Personelle Erneuerung

Der SPD fehlt Glaubwürdigkeit. Dies hat inhaltliche, aber auch personelle Ursachen. Trotz eines insgesamt guten Regierungsprogramms konnten wir die Wählerinnen und Wähler nicht von der SPD überzeugen. Die notwendige Erneuerung der Partei muss auch eine personelle Erneuerung bedeuten.

Organisatorische Erneuerung

In den vergangenen Jahren sind viele Entscheidungen der Partei an den Mitgliedern vorbei durchgesetzt worden oder bestehende Entscheidungen der Partei, wie etwa der Parteitagsbeschluss gegen die Bahnprivatisierung, wurden im Regierungshandeln einfach ignoriert. Die SPD lebt aber immer noch – gerade in Wahlkampfzeiten – von ihren Mitgliedern, die mit vollem Einsatz für ihre Partei kämpfen. Deshalb bedarf es auch einer Diskussion über die organisatorische Erneuerung der SPD, die zu mehr innerparteilicher Demokratie führen muss. Die SPD muss ihre Stärke als Mitgliederpartei wiedergewinnen, indem sie die demokratische Beteiligung all ihrer Mitglieder organisiert.

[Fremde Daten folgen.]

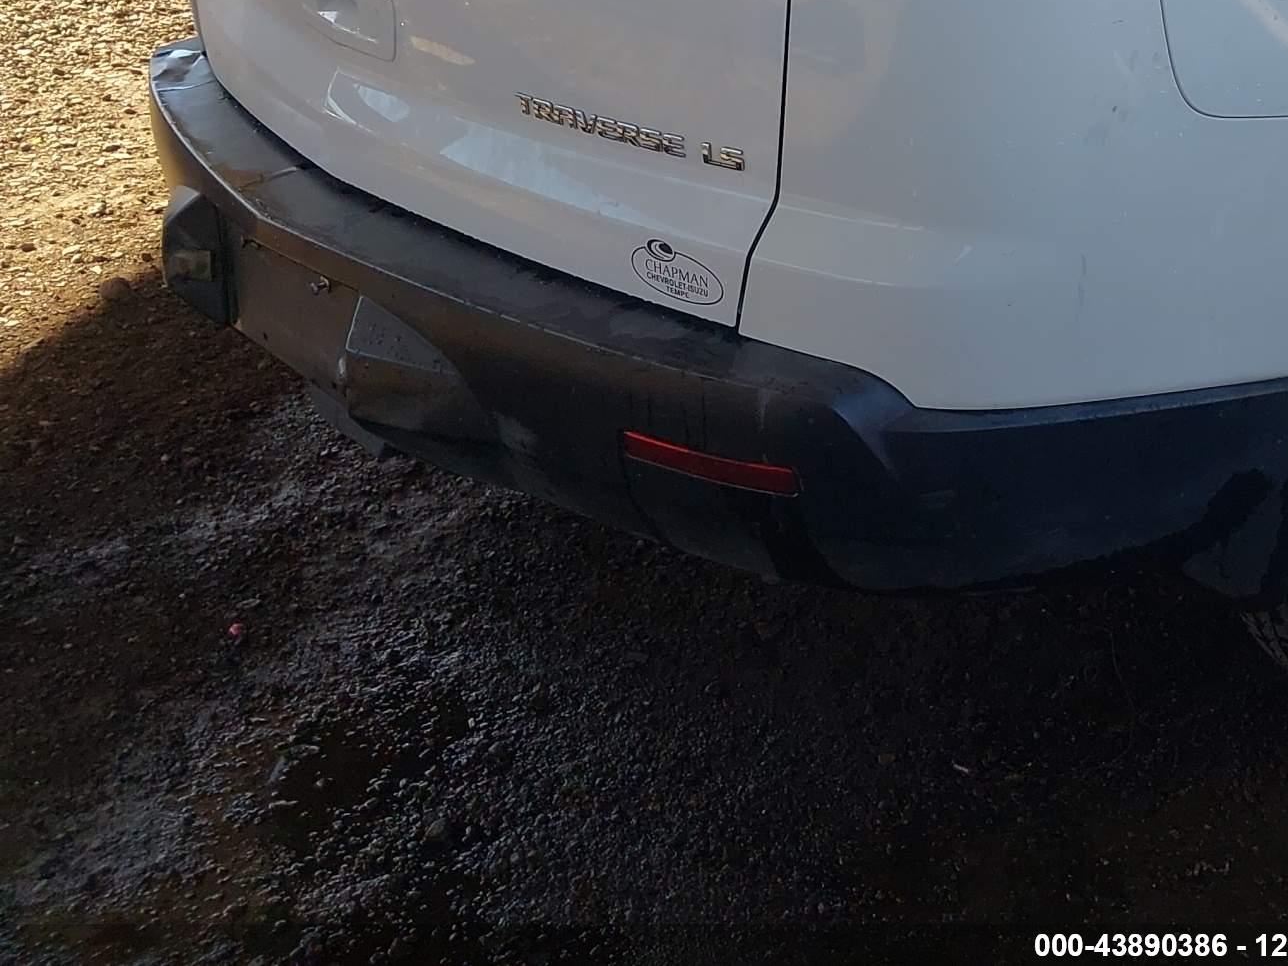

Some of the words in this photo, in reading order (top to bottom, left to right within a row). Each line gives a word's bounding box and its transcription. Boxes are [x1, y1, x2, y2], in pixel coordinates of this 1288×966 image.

[515, 92, 686, 158] TRAVERSE
[701, 141, 745, 171] LS
[645, 259, 708, 288] CHAPMAN
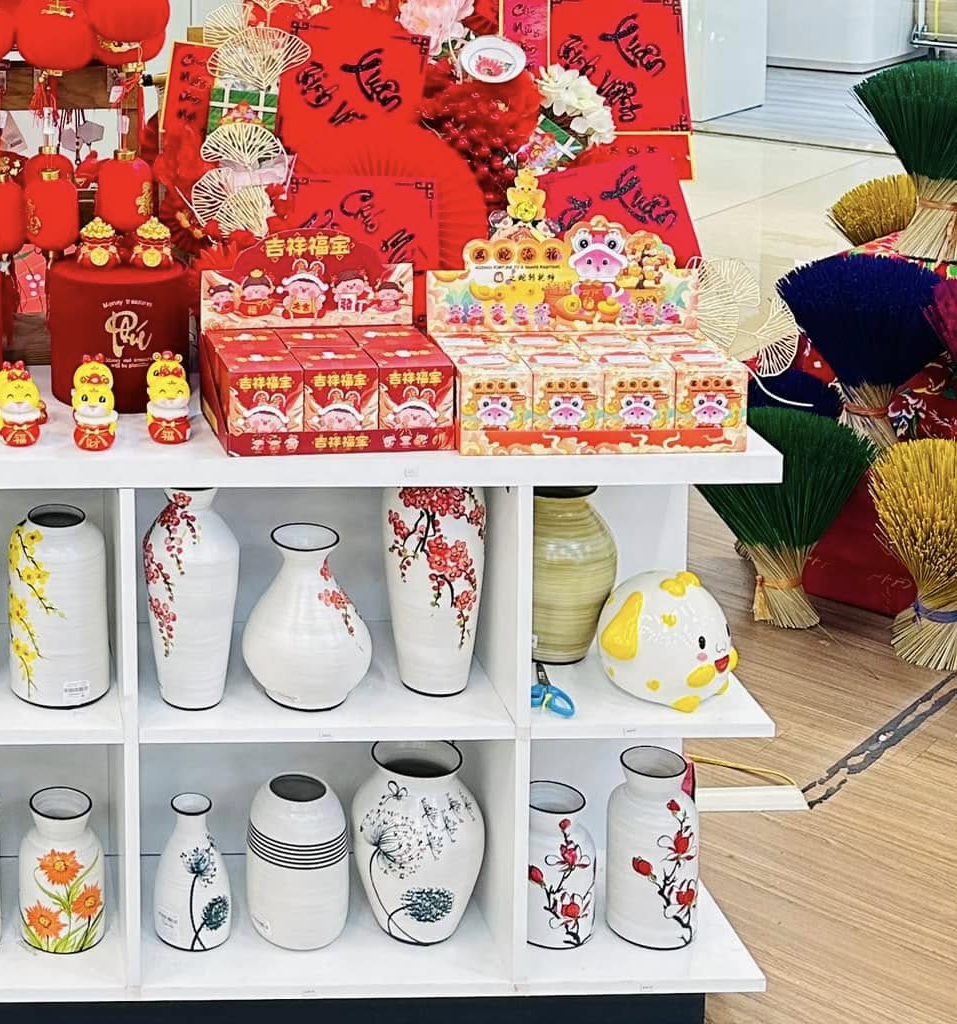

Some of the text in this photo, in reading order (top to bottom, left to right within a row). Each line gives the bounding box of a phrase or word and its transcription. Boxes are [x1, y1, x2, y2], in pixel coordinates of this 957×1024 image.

[264, 235, 352, 258] 吉祥福宝
[239, 376, 292, 390] 吉祥福宝
[313, 373, 367, 387] 吉祥福宝
[389, 371, 443, 385] 吉祥福宝
[314, 434, 369, 448] 吉祥福宝
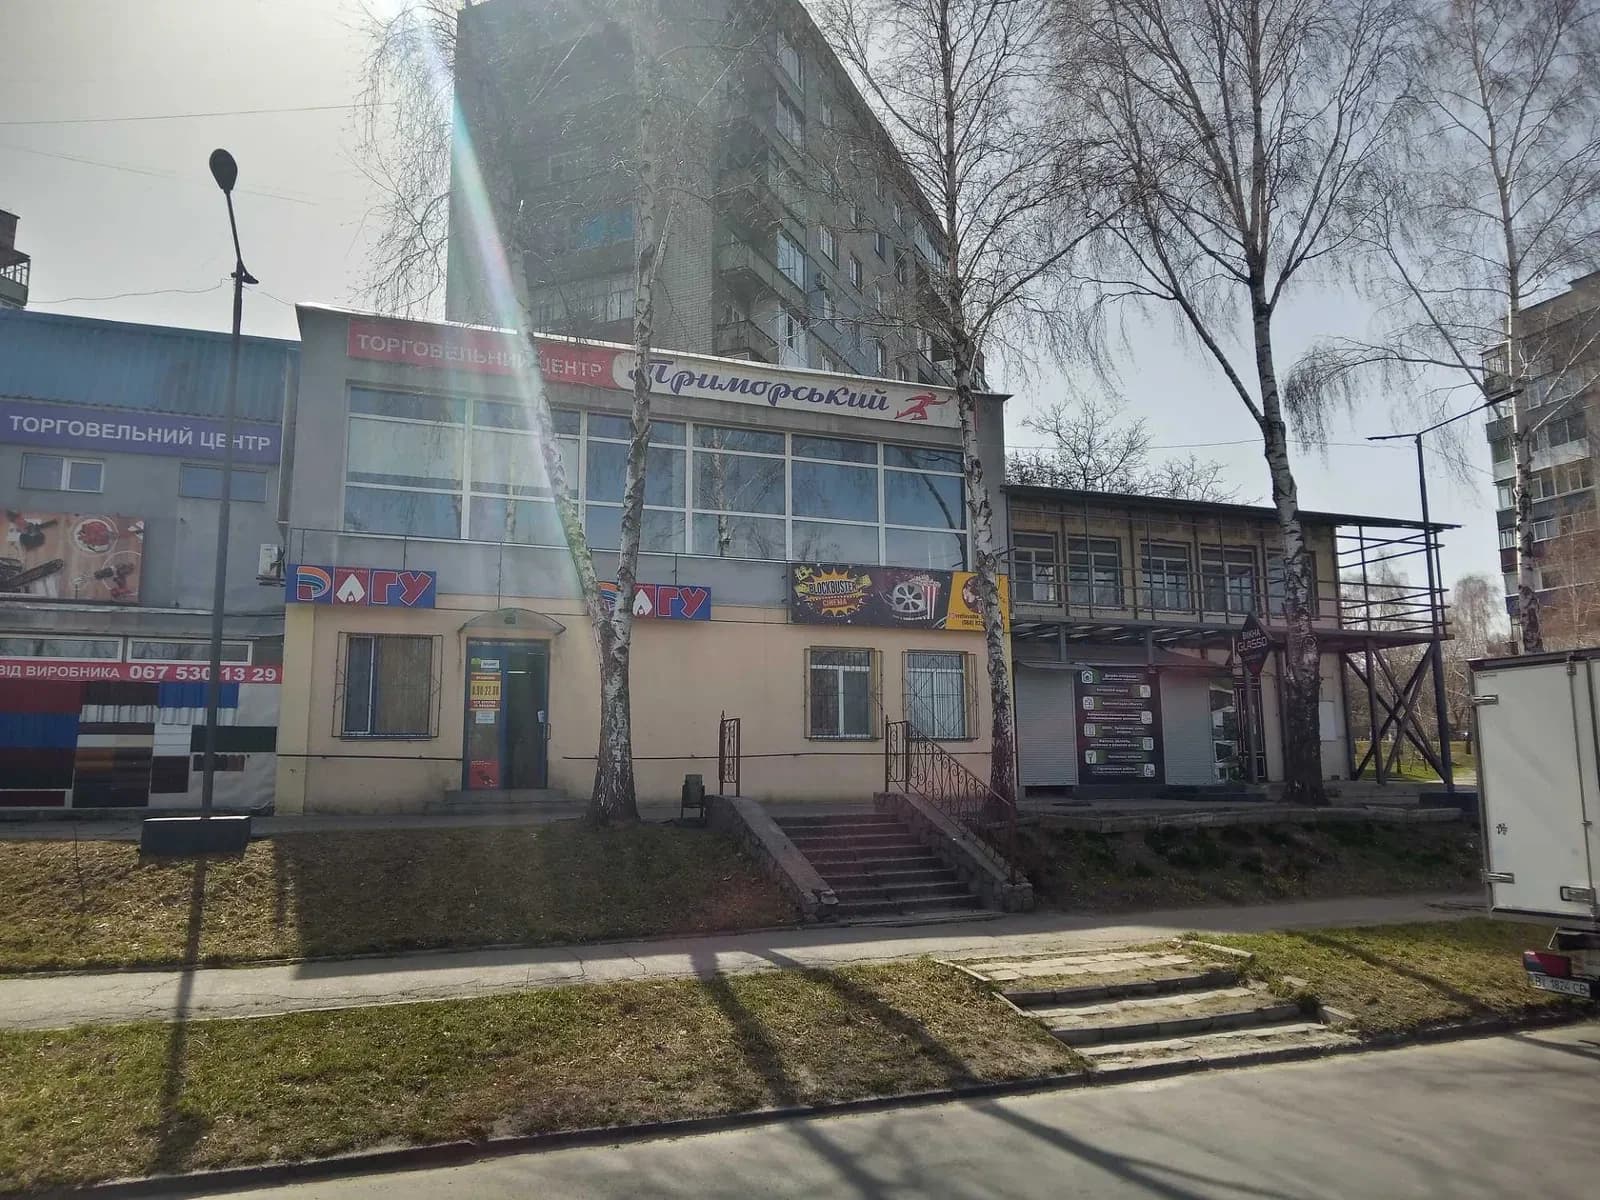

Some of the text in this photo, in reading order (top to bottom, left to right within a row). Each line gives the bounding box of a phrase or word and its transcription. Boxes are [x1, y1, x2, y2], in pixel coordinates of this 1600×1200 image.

[357, 335, 529, 369] ТОРГОВЕЛЬНИЙ
[627, 358, 890, 411] Приморський
[9, 414, 271, 451] ТОРГОВЕЛЬНИЙ ЦЕНТР
[296, 565, 433, 607] РАГУ
[808, 580, 860, 595] BLOCKBUSTER
[822, 598, 848, 607] CINEMA
[26, 665, 120, 678] ВИРОБНИКА
[129, 664, 167, 680] 067
[176, 665, 210, 680] 530
[221, 667, 246, 681] 13
[252, 667, 277, 682] 29
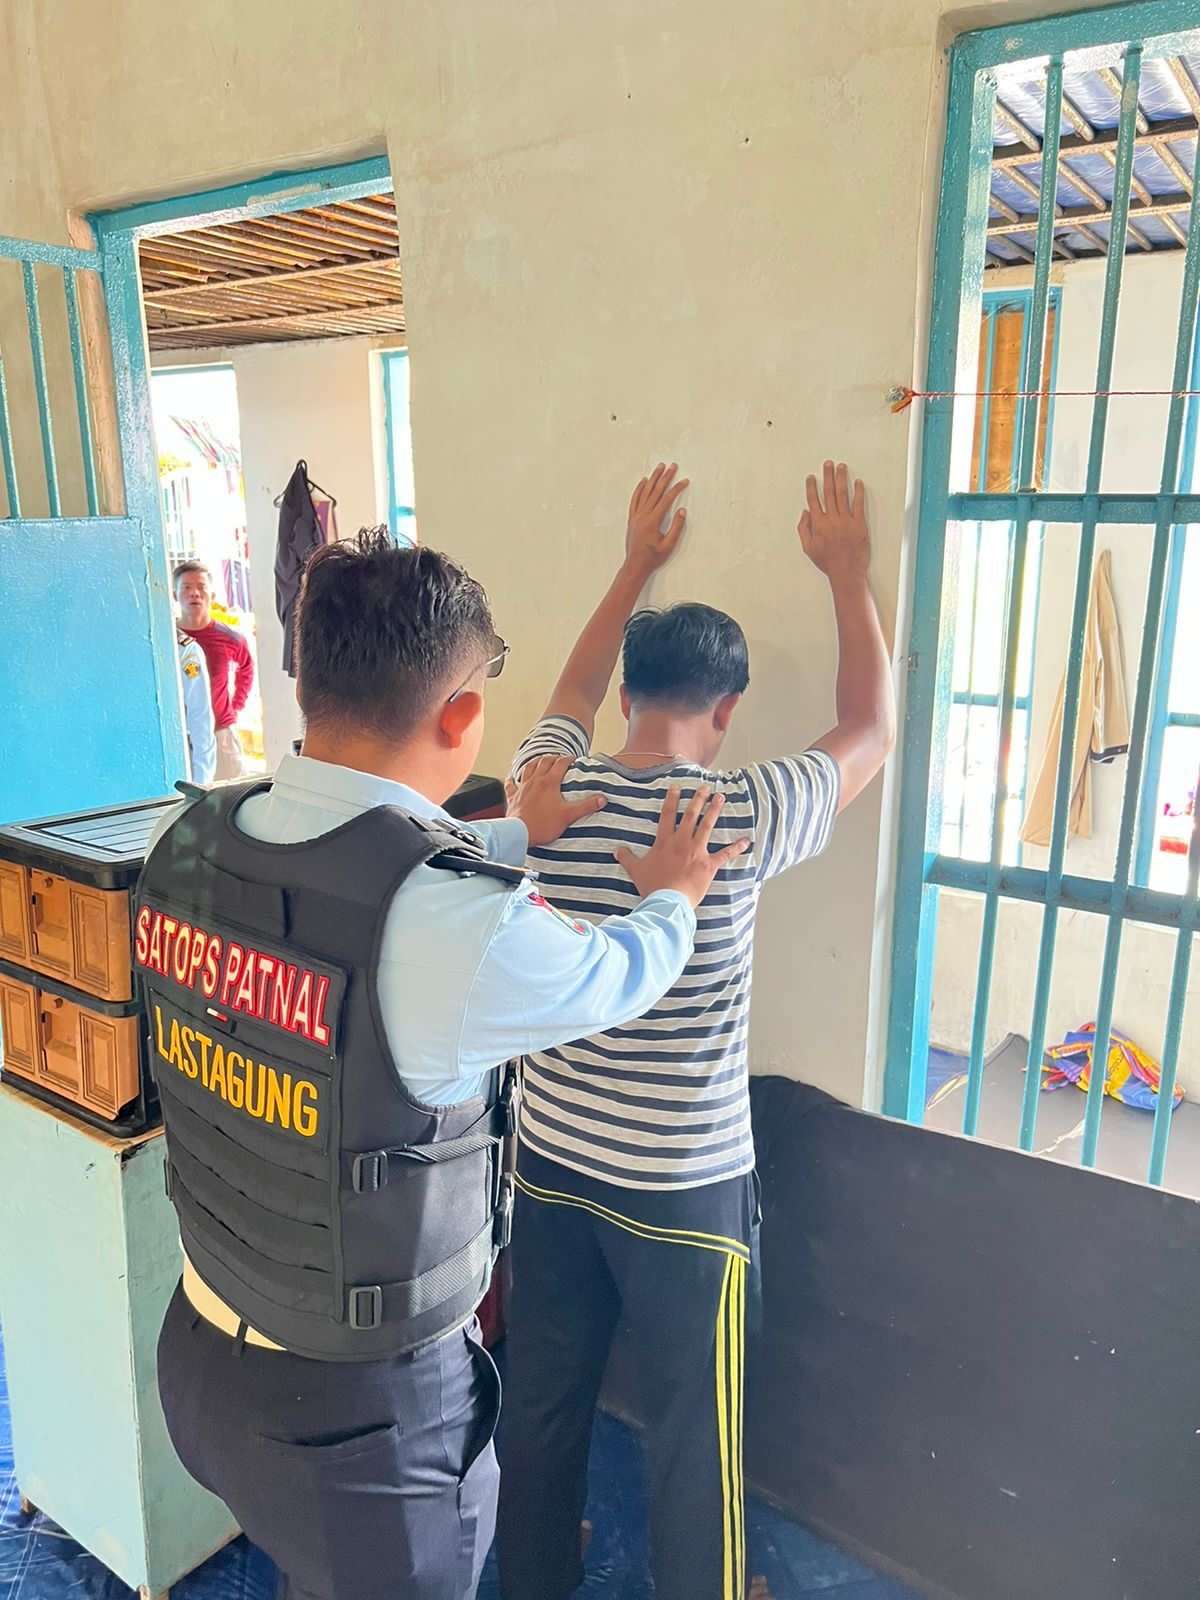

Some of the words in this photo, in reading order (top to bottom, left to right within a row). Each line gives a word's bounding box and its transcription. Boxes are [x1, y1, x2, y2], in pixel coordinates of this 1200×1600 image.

[135, 906, 222, 998] SATOPS
[220, 942, 330, 1046] PATNAL
[155, 1005, 318, 1136] LASTAGUNG
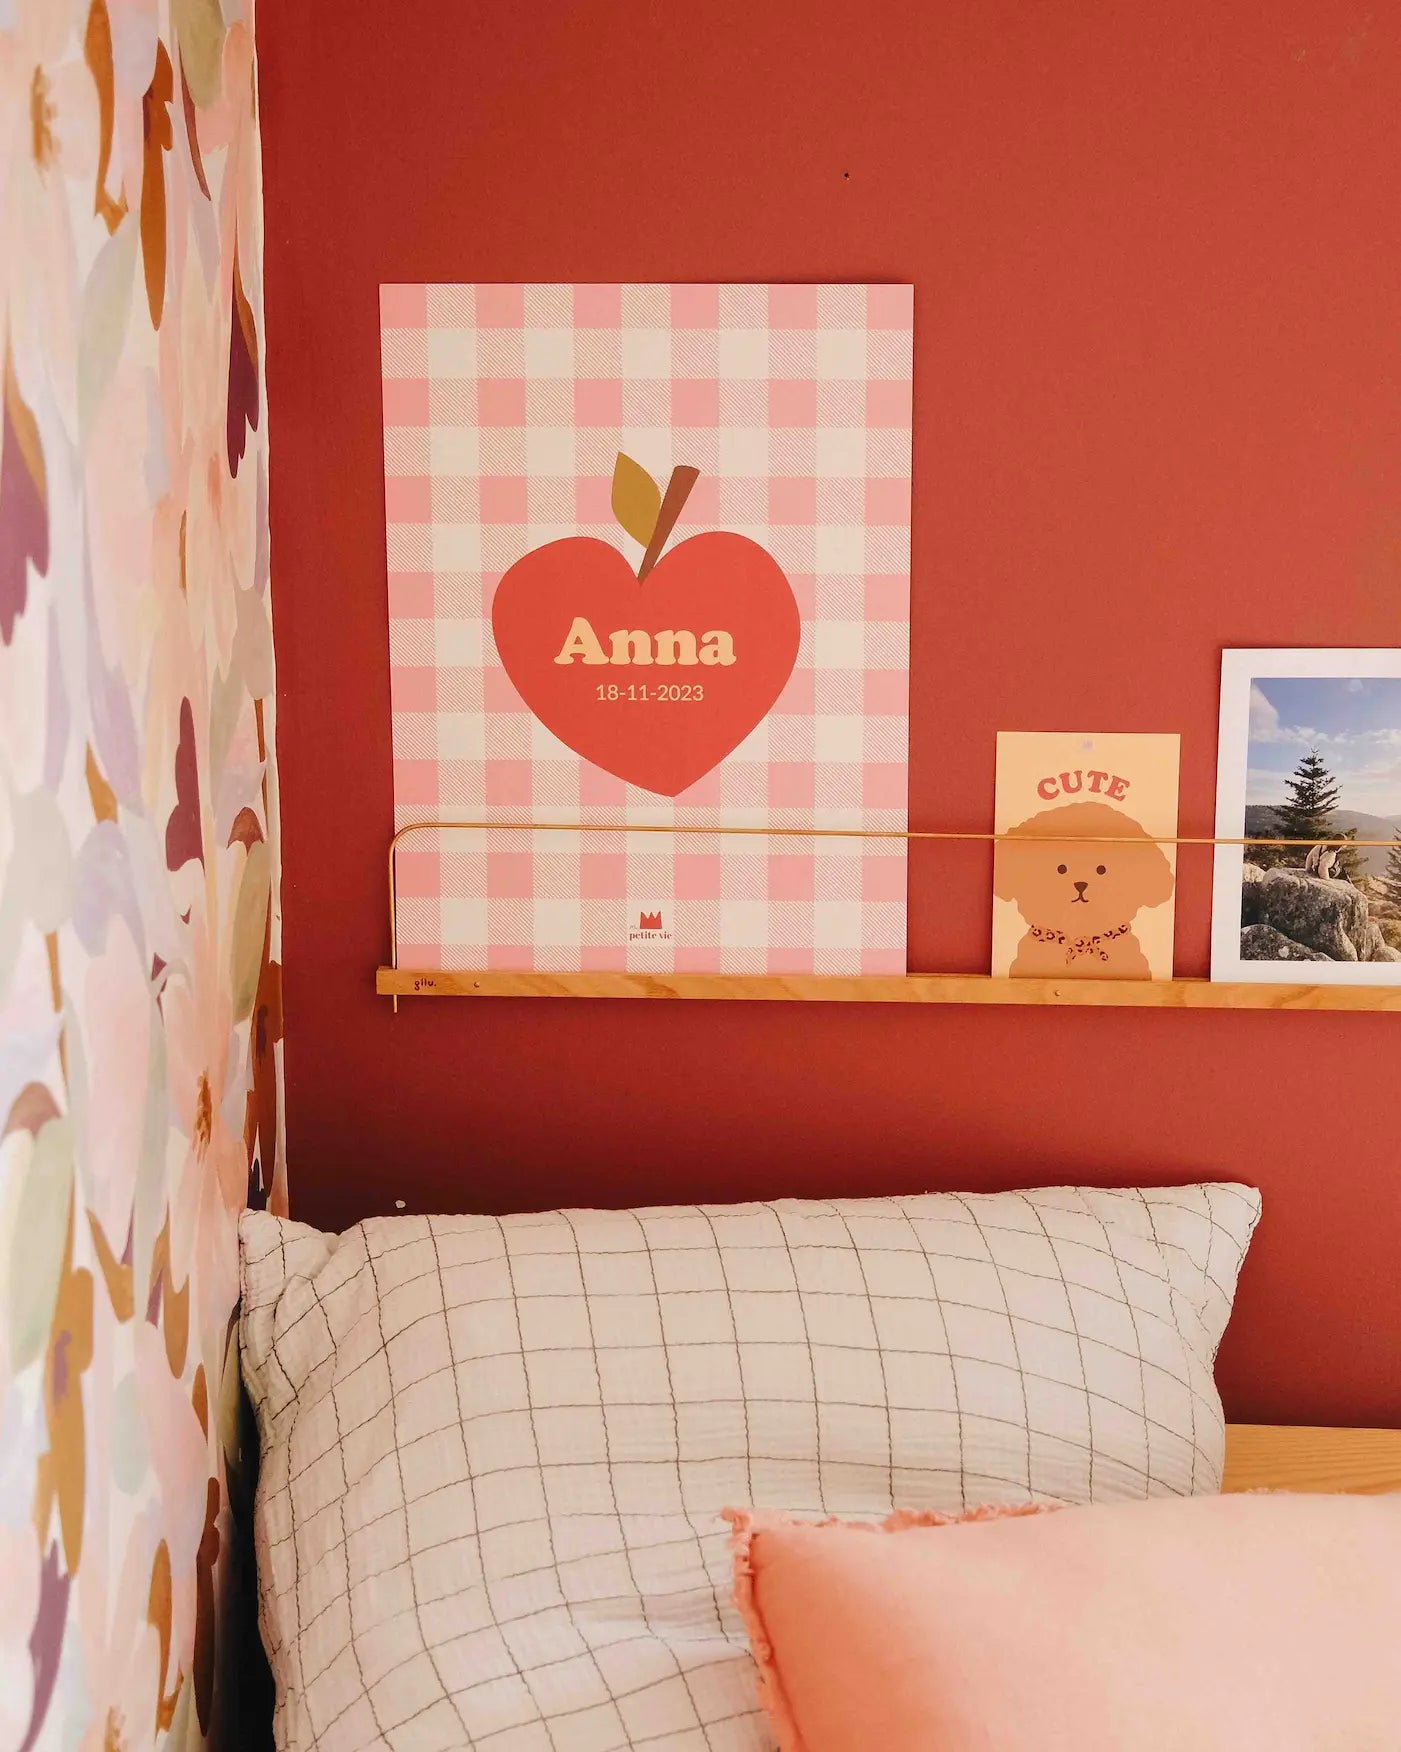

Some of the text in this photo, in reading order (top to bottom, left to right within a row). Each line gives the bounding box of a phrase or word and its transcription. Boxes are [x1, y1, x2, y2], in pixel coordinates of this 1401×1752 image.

Entscheidend ist es dabei auch, Konzepte zu entwickeln, die den Parteimitgliedern mehr Angebote zur Diskussion und Mitentscheidung bieten.

Mit einer solchen Neuaufstellung kann die SPD auch wieder erfolgreich sein und Mehrheiten für ihr Programm der sozialen Gerechtigkeit und Solidarität gewinnen.